Blind Message Routing
How can a service consumer access a service that does not want to reveal its physical location?
Services that need to be made available to external or non-trusted consumers can risk a variety of security breaches because malicious consumers are provided with physical access information.
The physical location of a service is hidden and a logical address is provided to consumers instead. Intermediary process intercepts messages from consumers and resolves the logical address in the actual physical address.
WS-Addressing EPRs can allow for a message to be sent to a service endpoint for which it does not have a physical address. This pattern relies on the use of intermediary agents to resolve the absence of a real address, and these agents, in turn, rely on EPR values to route the message to its intended destination.
Increased infrastructure complexity and administration effort associated with maintaining logical and physical addresses.
When a service exists in a secured environment but must communicate with an external consumer program located on the other side of a firewall, the service can be designed to not reveal its exact location. For example, a service built as a Web service may simply provide a logical address instead of its actual physical address within its published WSDL definition. WS-Addressing EPR parameters can be used by the service's runtime environment to route messages to the service on behalf of the consumer.

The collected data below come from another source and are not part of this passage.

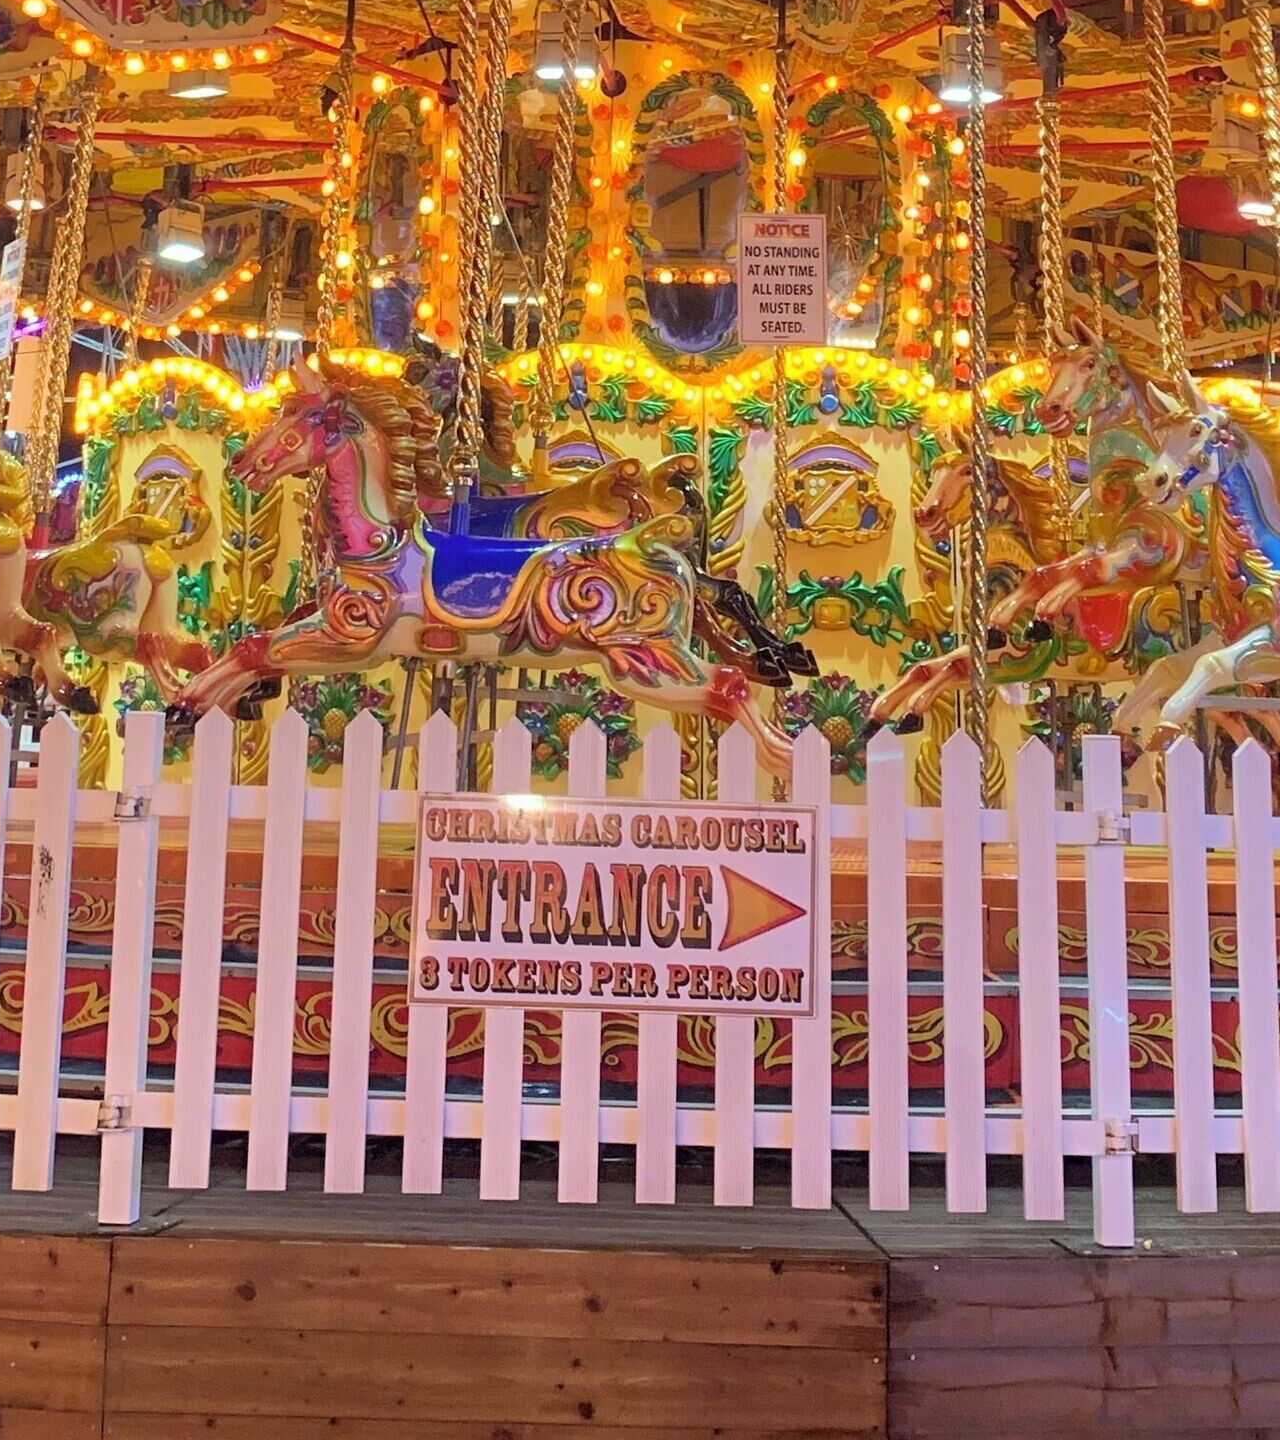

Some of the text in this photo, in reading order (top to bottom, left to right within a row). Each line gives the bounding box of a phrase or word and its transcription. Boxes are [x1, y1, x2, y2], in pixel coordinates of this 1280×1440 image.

[754, 224, 810, 237] NOTICE
[745, 246, 820, 258] NO STANDING
[748, 265, 818, 277] AT ANY TIME.
[752, 284, 813, 296] ALL RIDERS
[759, 303, 806, 314] MUST BE
[762, 321, 805, 333] SEATED.
[426, 806, 806, 854] CHRISTMAS CAROUSEL
[425, 856, 713, 950] ENTRANCE
[447, 957, 582, 996] TOKENS
[589, 960, 659, 999] PER
[665, 962, 805, 1004] PERSON
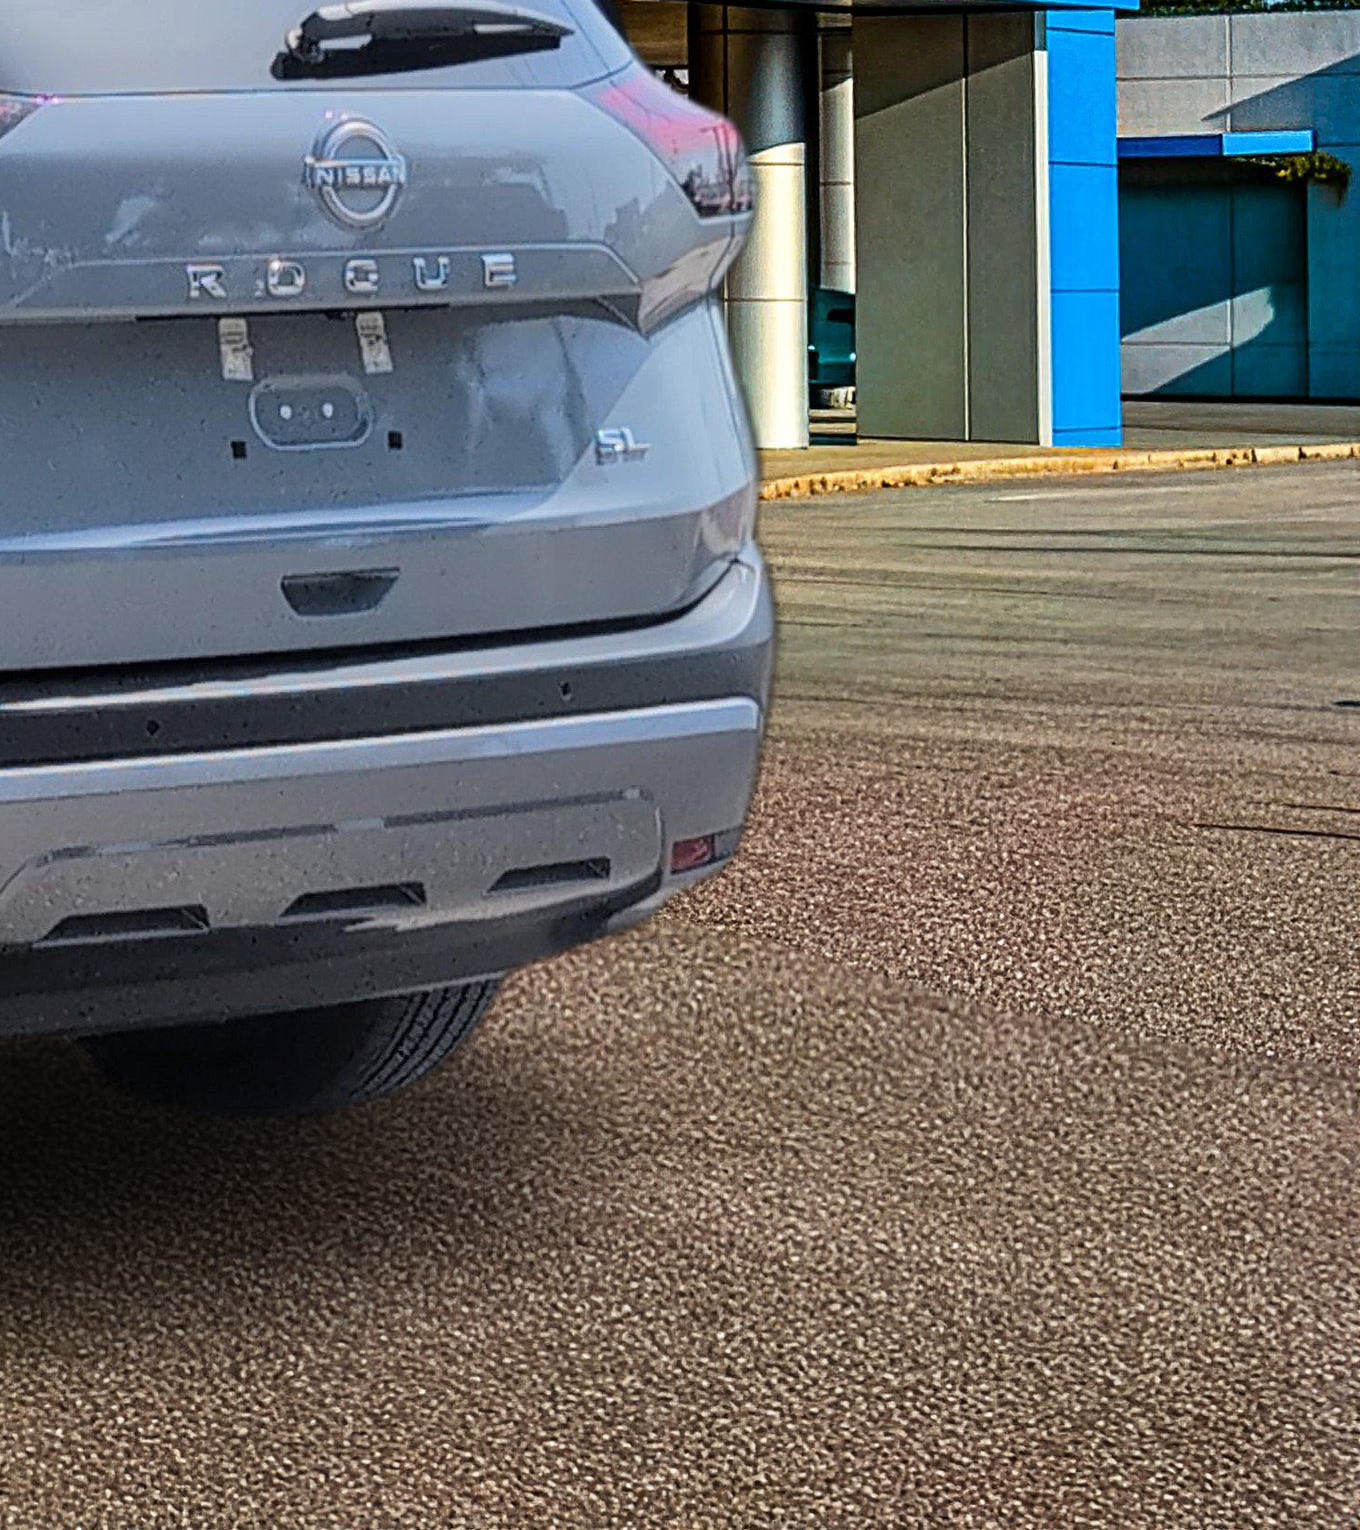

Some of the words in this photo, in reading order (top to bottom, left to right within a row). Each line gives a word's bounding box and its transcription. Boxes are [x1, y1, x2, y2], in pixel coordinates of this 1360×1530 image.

[313, 165, 401, 187] NISSAN
[185, 253, 518, 299] ROGUE
[597, 426, 651, 460] SL

A consumer program can "blindly" send a message to a non-existent address. Once the message passes through the firewall, a runtime agent interprets the EPR to determine the correct address and then routes the message to the Web service accordingly.
The scenario illustrated in the figure assumes that the consumer program would have already been authenticated prior to receiving the necessary permissions to contact the Web service, along with an EPR that does not include the actual, physical address of the target service. Instead, the EPR contains a set of reference parameters that are only meaningful to the service's environment.

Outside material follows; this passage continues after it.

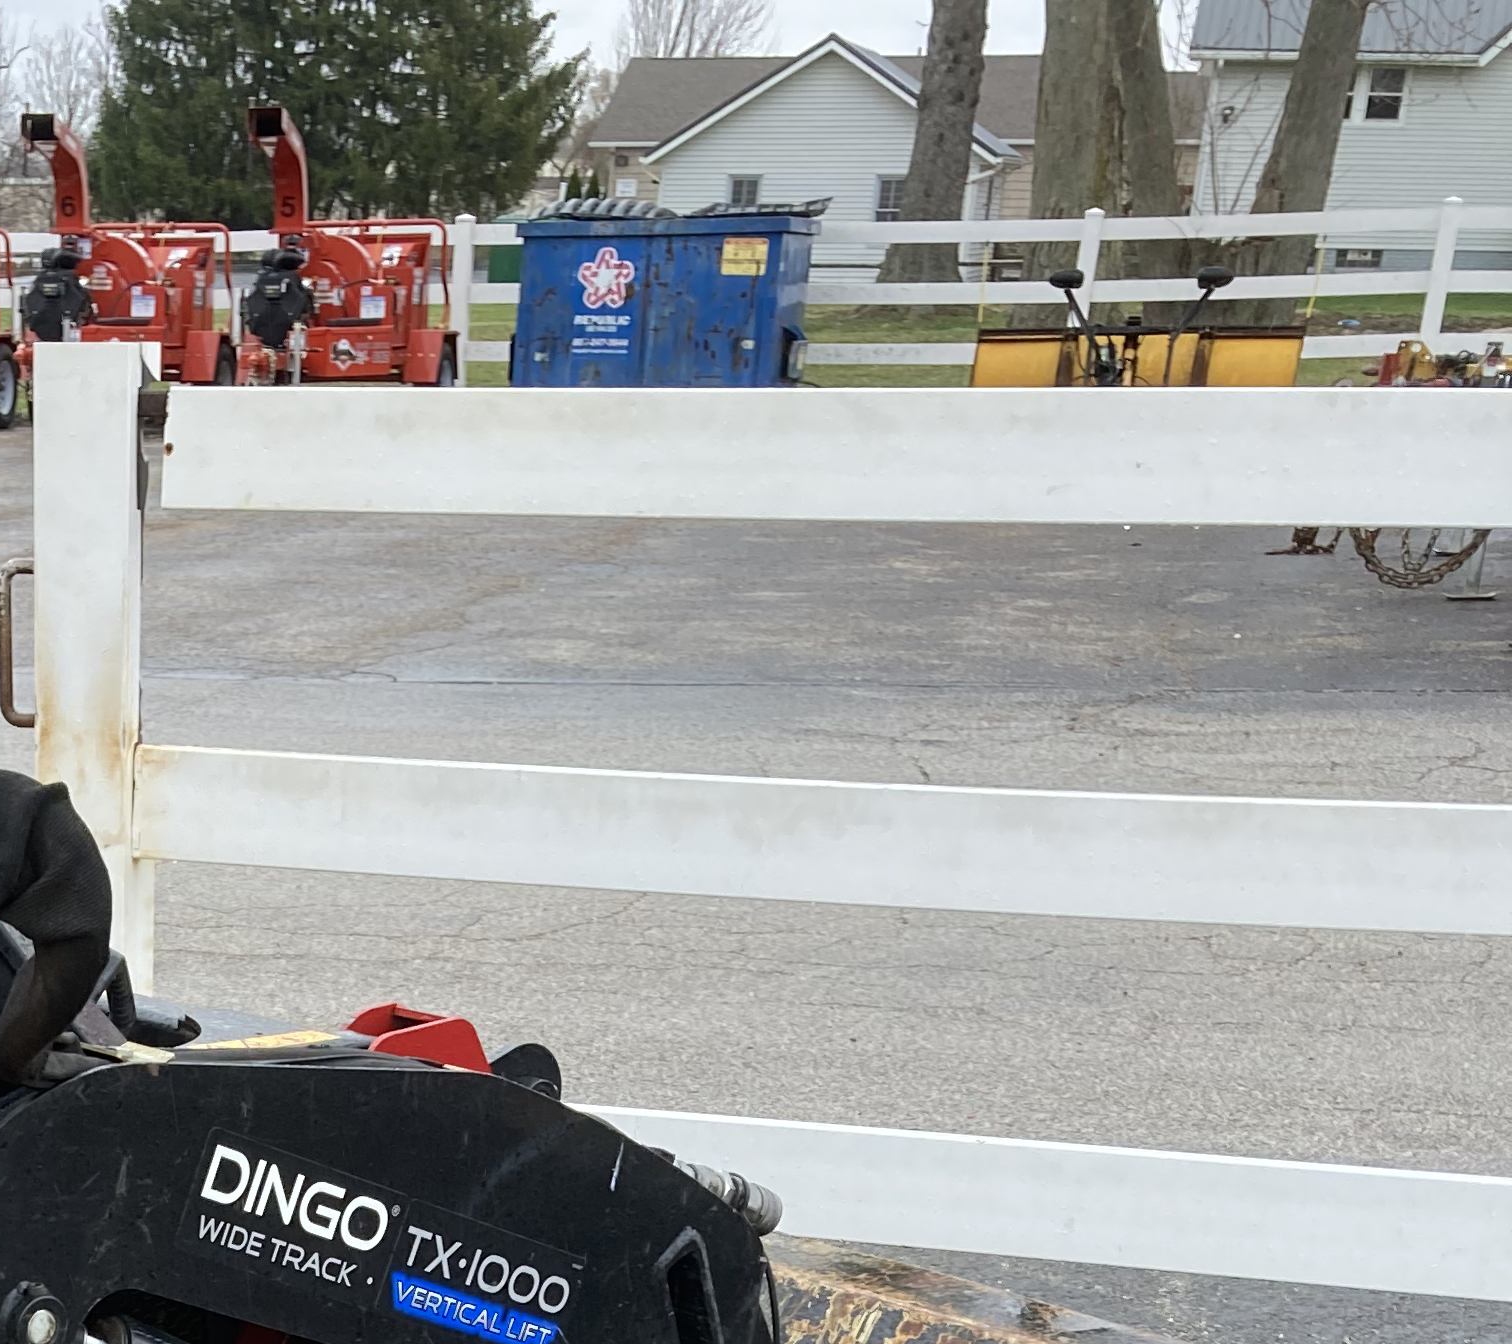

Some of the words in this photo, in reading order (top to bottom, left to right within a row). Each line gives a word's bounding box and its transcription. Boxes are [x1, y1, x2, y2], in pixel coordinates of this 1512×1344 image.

The consumer sends this "blind" message to service (1), subsequent to which the message is automatically intercepted by the Web service's runtime environment, usually via an event-driven, intermediary agent. After retrieving and validating the EPR parameters, this agent then routes the message to the destination Web service (2).
You may be wondering how this utilization of WS-Addressing EPRs differs from Service Instance Routing, since both rely on the usage of intermediary routing agents. First, Blind Message Routing is not geared toward enabling communication with service instances. Secondly, whereas in Service Instance Routing the EPRs will almost always be auto-generated, this is not necessarily true for Blind Message Routing. The EPR values used later to resolve the address, may have been pre-defined and simply retrieved from a repository by the intermediary at runtime. However, it is worth noting that these two patterns can certainly be combined together, allowing a consumer to "blindly" interact with a stateful service instance.